With the state Supreme Court striking down Wisconsin’s statewide stay-at-home order last week, opponents of the measures meant to slow the spread of COVID-19 have now set their sights on local emergency orders, including Dane County’s.
A group of Wisconsin residents filed a lawsuit Wednesday asking a federal court to invalidate local stay-at-home orders and cease their enforcement.
The lawsuit was filed in the U.S. District Court for the Eastern District of Wisconsin against Dane County, city of Madison public health director Janel Heinrich and 20 other Wisconsin officials, including Wisconsin Elections Commission members and Gov. Tony Evers.
The 17 plaintiffs who filed the suit include four Dane County residents, some business owners, and Madison Elmer, the organizer of an April rally at the state Capitol to reopen the state.
The lawsuit alleges the state and local stay-at-home orders violate the plaintiffs’ civil rights to freely assemble and to freely exercise their religion. It also claims constitutional protections against excessive government intervention through the Establishment Clause have been violated, as well as freedom of speech and right to equal protection under the law.
Two of the plaintiffs are Republicans seeking political office: Jay Schroeder, who is vying to represent the 55th state Assembly district, and Cindy Werner, who plans to challenge Democratic U.S. Rep. Gwen Moore in the 4th Congressional District, which covers Milwaukee.
They say the state’s stay-at-home order and the local orders have unlawfully prevented them from gathering the required number of signatures for ballot access.
Ryan Nilsestuen, Evers’ chief legal counsel, said in a teleconference call with reporters Thursday the state will be defending against the lawsuit and that he believes it should be dismissed.
“Local public health officers have been on the front lines in dealing with the disease and now unfortunately they’re being put at the front lines of the litigation involving these, but I’m optimistic that this lawsuit will go nowhere,” Nilsestuen said.
The lawsuit comes after Public Health Madison and Dane County announced the county’s reopening plan, which replaces the statewide plan struck down by the Wisconsin Supreme Court.
The order, called “Forward Dane,” mandates a phased-in approach to the size of public gatherings and the number of people allowed at one time into stores, restaurants and other venues — all based on the county’s ability to meet a range of criteria on testing, new cases and other health metrics.
The county is currently in the “prepare for safe reopen” phase and could move into the first phase of the four-phase plan as early as Tuesday. For that to happen, the county must be meeting specific benchmarks for nine criteria, including contacting 70% to 85% of all new cases within 48 hours of test collection and conducting 400 to 800 tests per day. As of Monday, the county was meeting that threshold, but new ratings are due Monday.
In a statement, Dane County Executive Joe Parisi highlighted the fact that COVID-19 has claimed almost 500 lives in the state and 94,000 across the country, and is the greatest threat to safety this generation has experienced.
“We will vigorously defend common sense provisions based on public health guidance to protect the well-being of the residents of Dane County,” Parisi said. “We do not want to become the next large community consumed by the ravages of this highly contagious, debilitating virus.”
Other defendants in the case include the cities of Milwaukee, Racine and Appleton; Outagamie, Winnebago, Green and Rock counties; the Grand Chute Police Department; Capitol Police; and Department of Health Services secretary-designee Andrea Palm.

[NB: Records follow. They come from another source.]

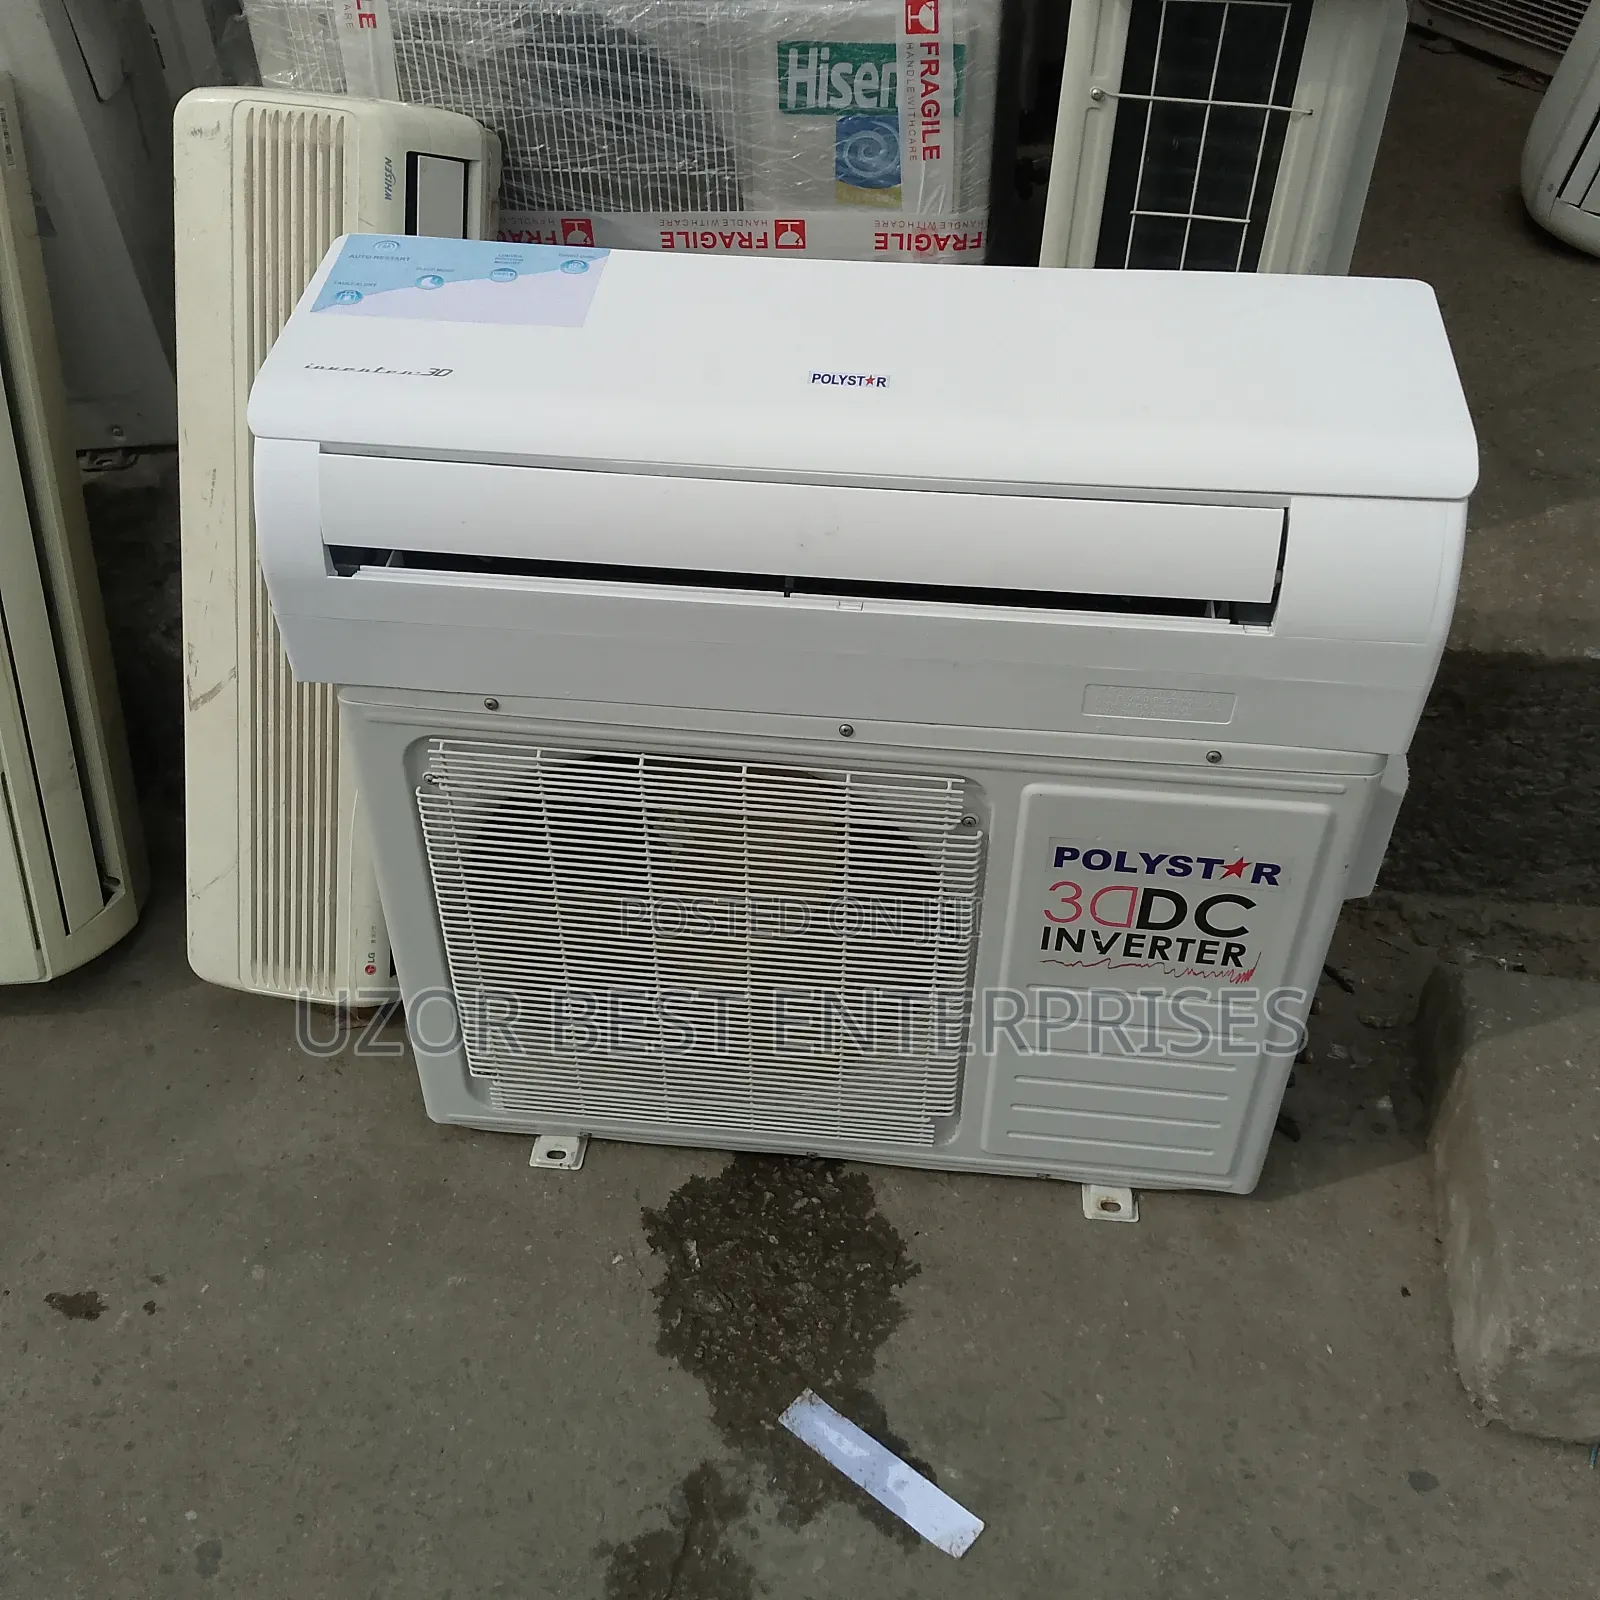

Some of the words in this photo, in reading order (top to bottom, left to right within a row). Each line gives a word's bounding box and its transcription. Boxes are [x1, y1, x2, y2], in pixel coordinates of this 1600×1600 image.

[920, 42, 940, 161] FRAGILE
[384, 157, 394, 201] WHISEN
[660, 231, 769, 249] FRAGILE
[874, 231, 983, 251] FRAGILE
[367, 952, 376, 963] LG
[1040, 926, 1247, 968] INVERTER

The plaintiffs are represented by Joseph W. Voiland of Veterans Liberty Law, which is based in Cedarburg. Voiland served as an Ozaukee County Circuit Court judge from 2013 to 2019.

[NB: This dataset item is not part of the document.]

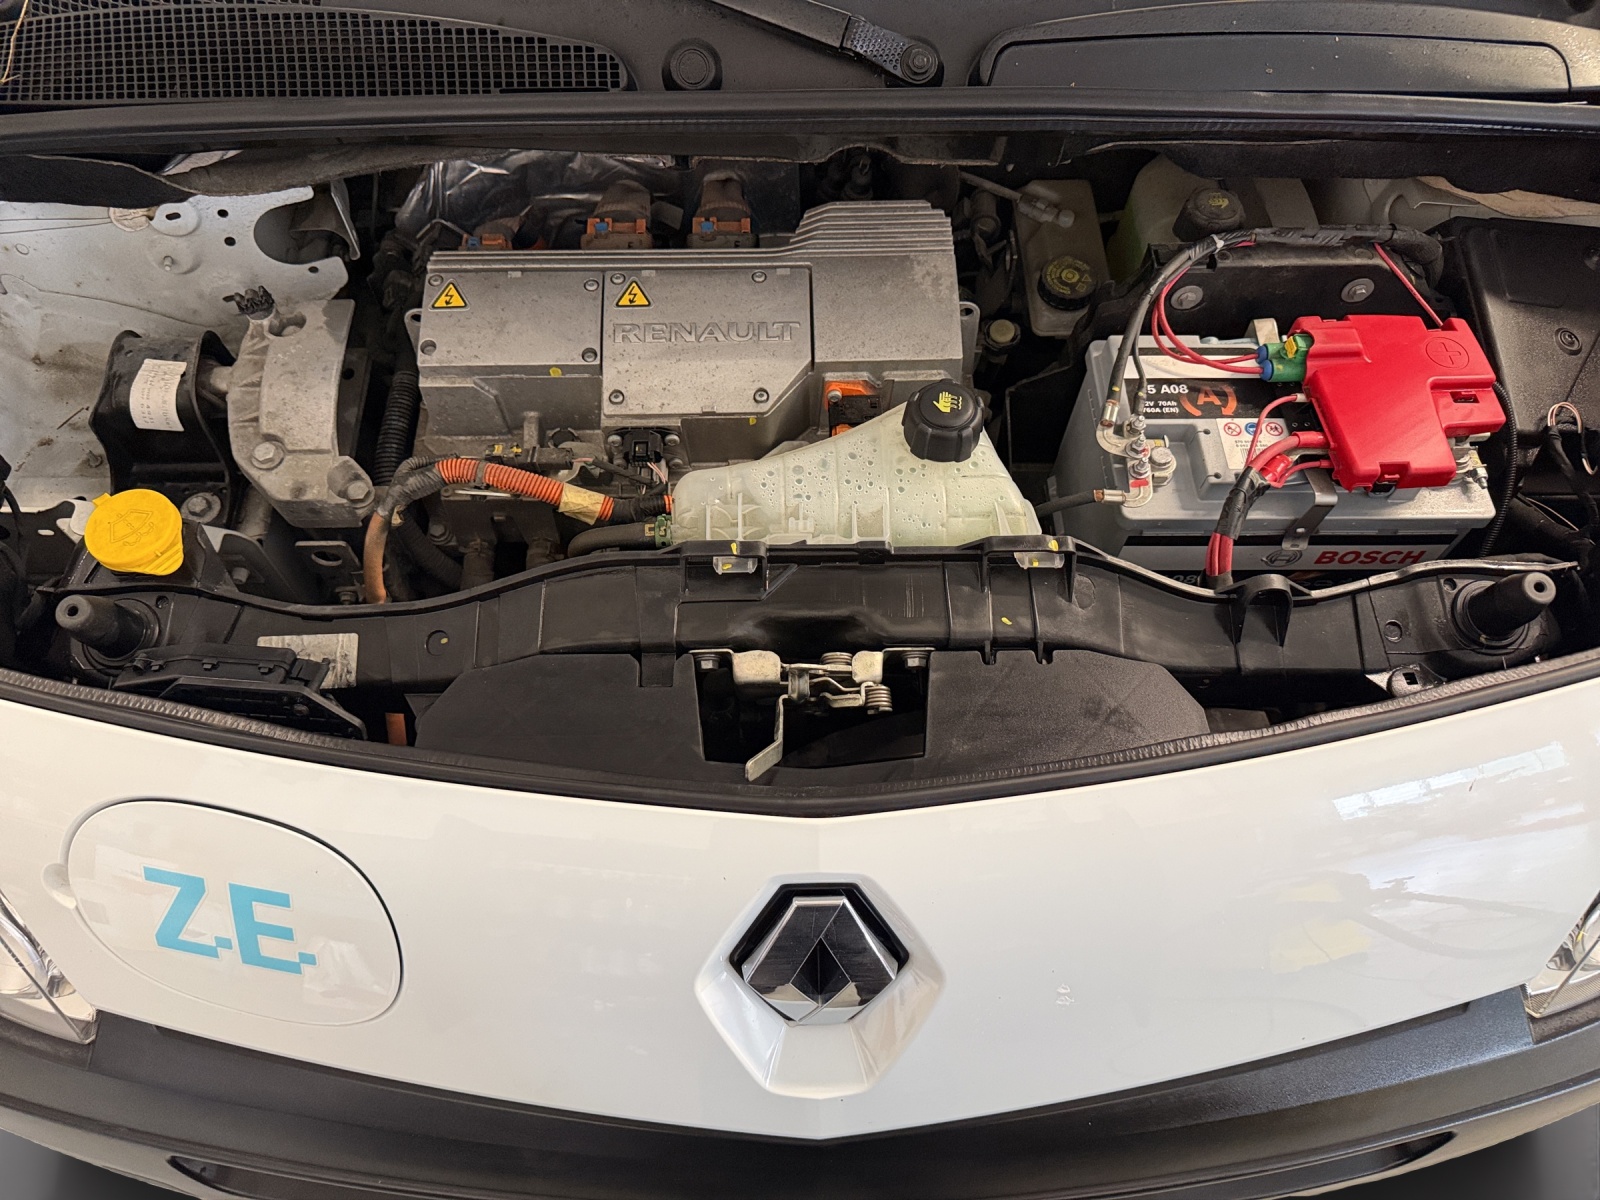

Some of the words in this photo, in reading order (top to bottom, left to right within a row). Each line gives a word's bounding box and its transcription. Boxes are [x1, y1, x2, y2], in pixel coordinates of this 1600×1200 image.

[612, 321, 800, 344] RENAULT
[1160, 384, 1189, 394] A08
[1313, 550, 1427, 565] BOSCH

The four plaintiffs from Dane County are Martin Driftmier Sr., of Verona, who runs his own business; Angela Ray Haug, of Windsor, who runs a hair salon; Kelly Lynn McElwain, of Sun Prairie, who is a salon stylist; and Anna Alethia Manning, of Sun Prairie, who conducts business at a studio in Waunakee. They say the local and state orders stripped them of their rights and have damaged their businesses.
The statewide “safer at home” order was overturned on May 13 in a 4-3 vote by the Wisconsin Supreme Court.
State Attorney General Josh Kaul said after the decision that local orders were still legal if there was an ongoing public health emergency in a specific locality.
Only a handful of local “safer at home” orders remain in place, including in the cities of Racine and Milwaukee, and in Dane County.
Several municipalities repealed their orders after consulting with attorneys following the state Supreme Court decision.
The Racine Journal Times contributed to this report.